Vitrinel Burcu, Iannitelli Dylan E, Mazzoni Esteban O, Christiaen Lionel, Vogel Christine
Center for Genomics and Systems Biology, Department of Biology, New York University, New York, New York 10003, United States.
Center for Developmental Genetics, Department of Biology, New York University, New York, New York 10003, United States.
ACS Omega. 2020 Jun 19;5(25):15537-15546. doi: 10.1021/acsomega.0c01191. eCollection 2020 Jun 30.
The rise of single-cell transcriptomics has created an urgent need for similar approaches that use a minimal number of cells to quantify expression levels of proteins. We integrated and optimized multiple recent developments to establish a proteomics workflow to quantify proteins from as few as 1000 mammalian stem cells. The method uses chemical peptide labeling, does not require specific equipment other than cell lysis tools, and quantifies >2500 proteins with high reproducibility. We validated the method by comparing mouse embryonic stem cells and in vitro differentiated motor neurons. We identify differentially expressed proteins with small fold changes and a dynamic range in abundance similar to that of standard methods.
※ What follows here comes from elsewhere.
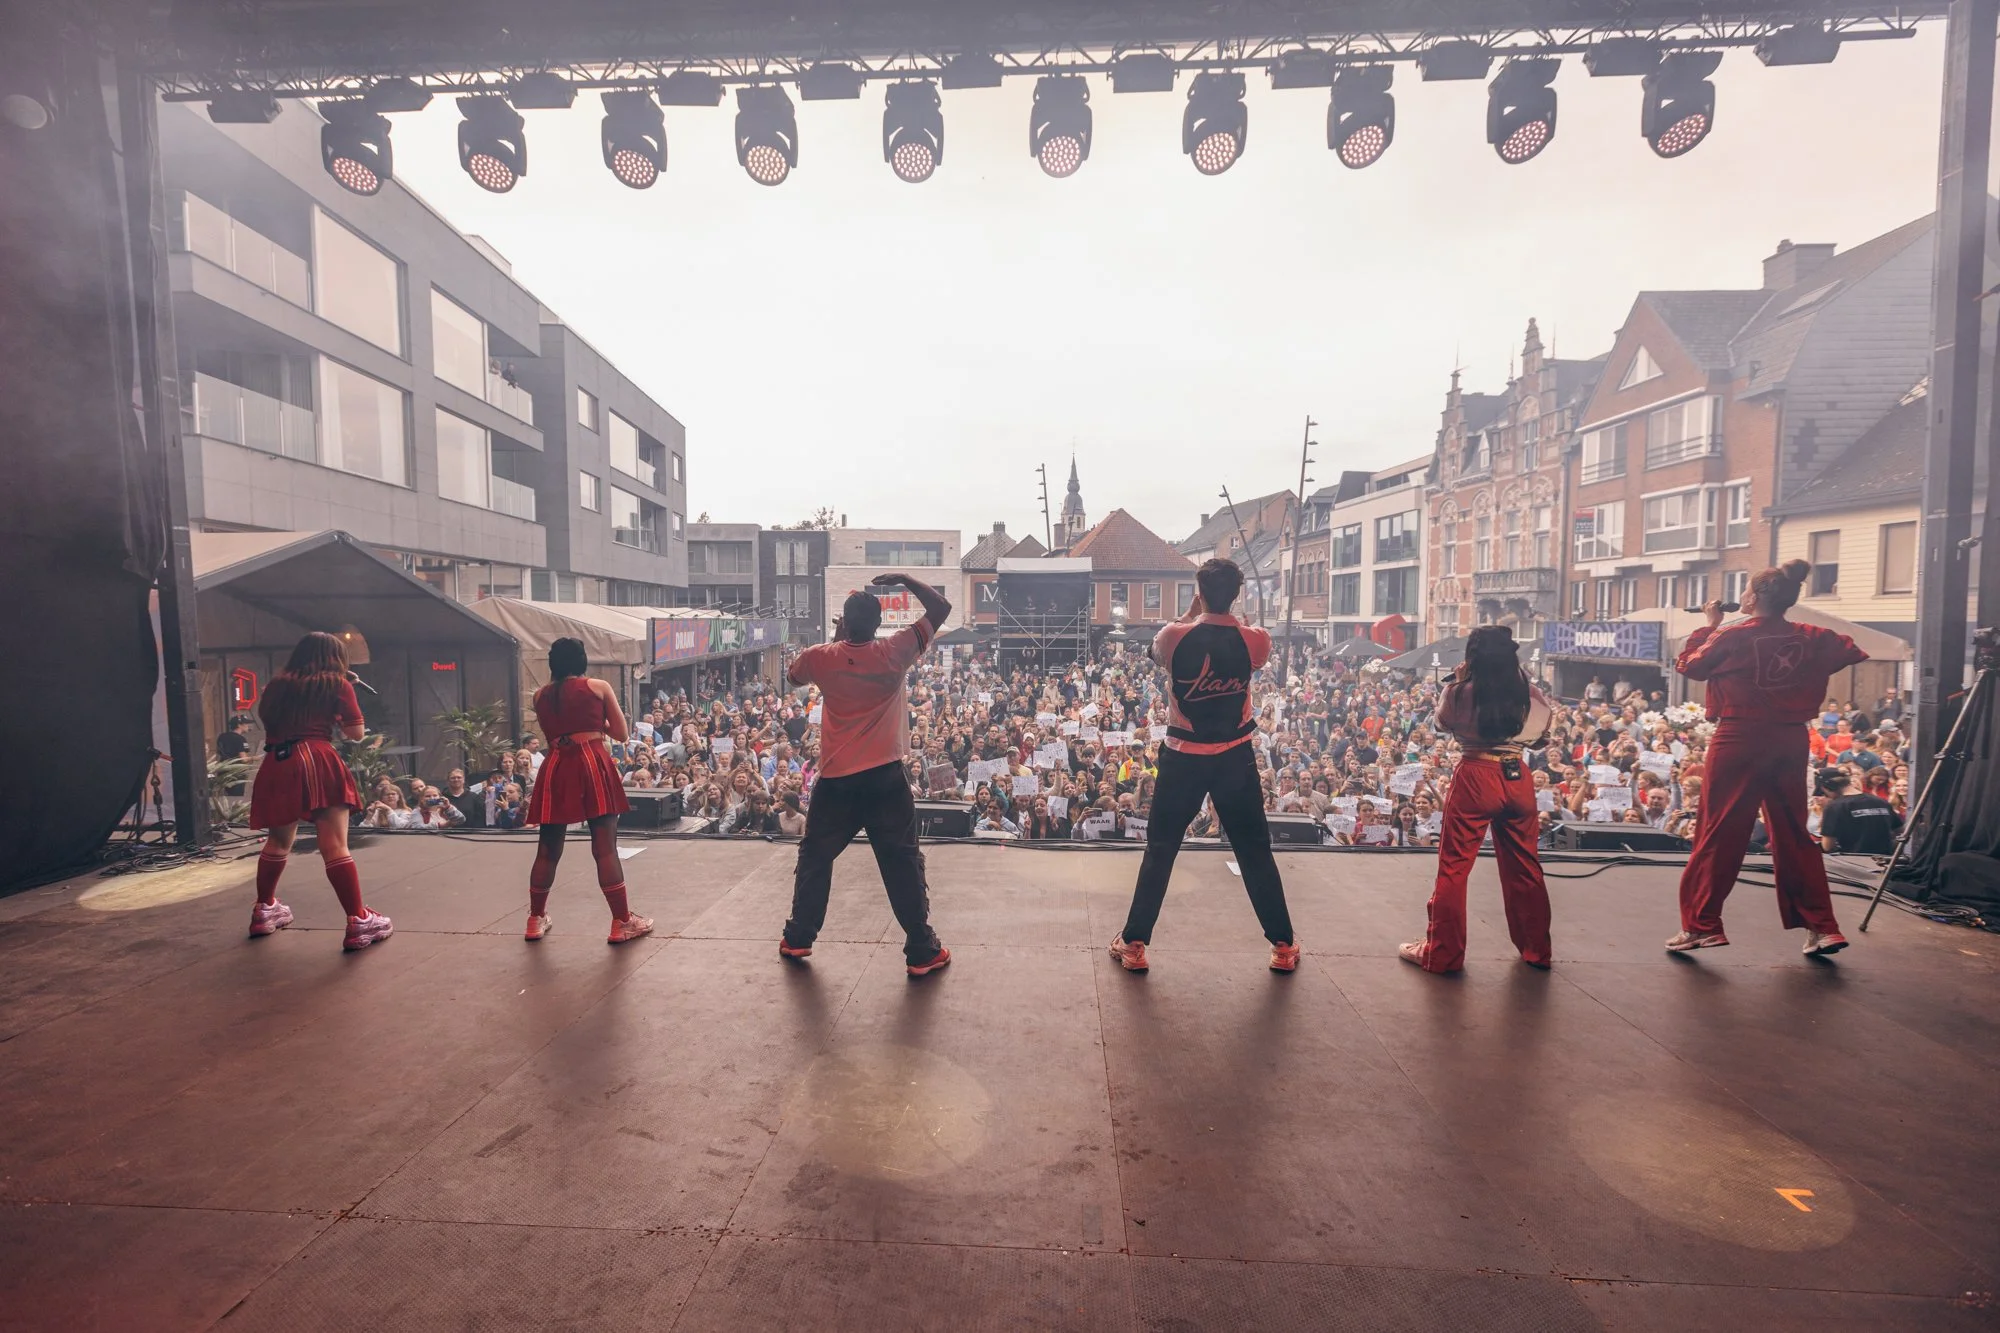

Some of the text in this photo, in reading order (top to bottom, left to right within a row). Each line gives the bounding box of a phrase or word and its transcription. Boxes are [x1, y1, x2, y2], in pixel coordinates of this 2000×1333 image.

Protein abundance measurements obtained with our protocol compared well to corresponding transcript abundance and to measurements using standard inputs. The protocol is also applicable to other systems, such as fluorescence-activated cell sorting (FACS)-purified cells from the tunicate . Therefore, we offer a straightforward and accurate method to acquire proteomics data from minimal input samples.
单细胞转录组学的兴起迫切需要类似的方法,即使用最少数量的细胞来定量蛋白质的表达水平。我们整合并优化了多项最新进展,建立了一种蛋白质组学工作流程,以从低至1000个哺乳动物干细胞中定量蛋白质。该方法采用化学肽标记,除细胞裂解工具外无需特定设备,可高度可重复地定量超过2500种蛋白质。我们通过比较小鼠胚胎干细胞和体外分化的运动神经元验证了该方法。我们识别出具有小倍数变化且丰度动态范围与标准方法相似的差异表达蛋白质。用我们的方案获得的蛋白质丰度测量值与相应的转录本丰度以及使用标准输入的测量值相比效果良好。该方案也适用于其他系统,例如来自被囊动物的荧光激活细胞分选(FACS)纯化细胞。因此,我们提供了一种直接且准确的方法,可从极少输入样本中获取蛋白质组学数据。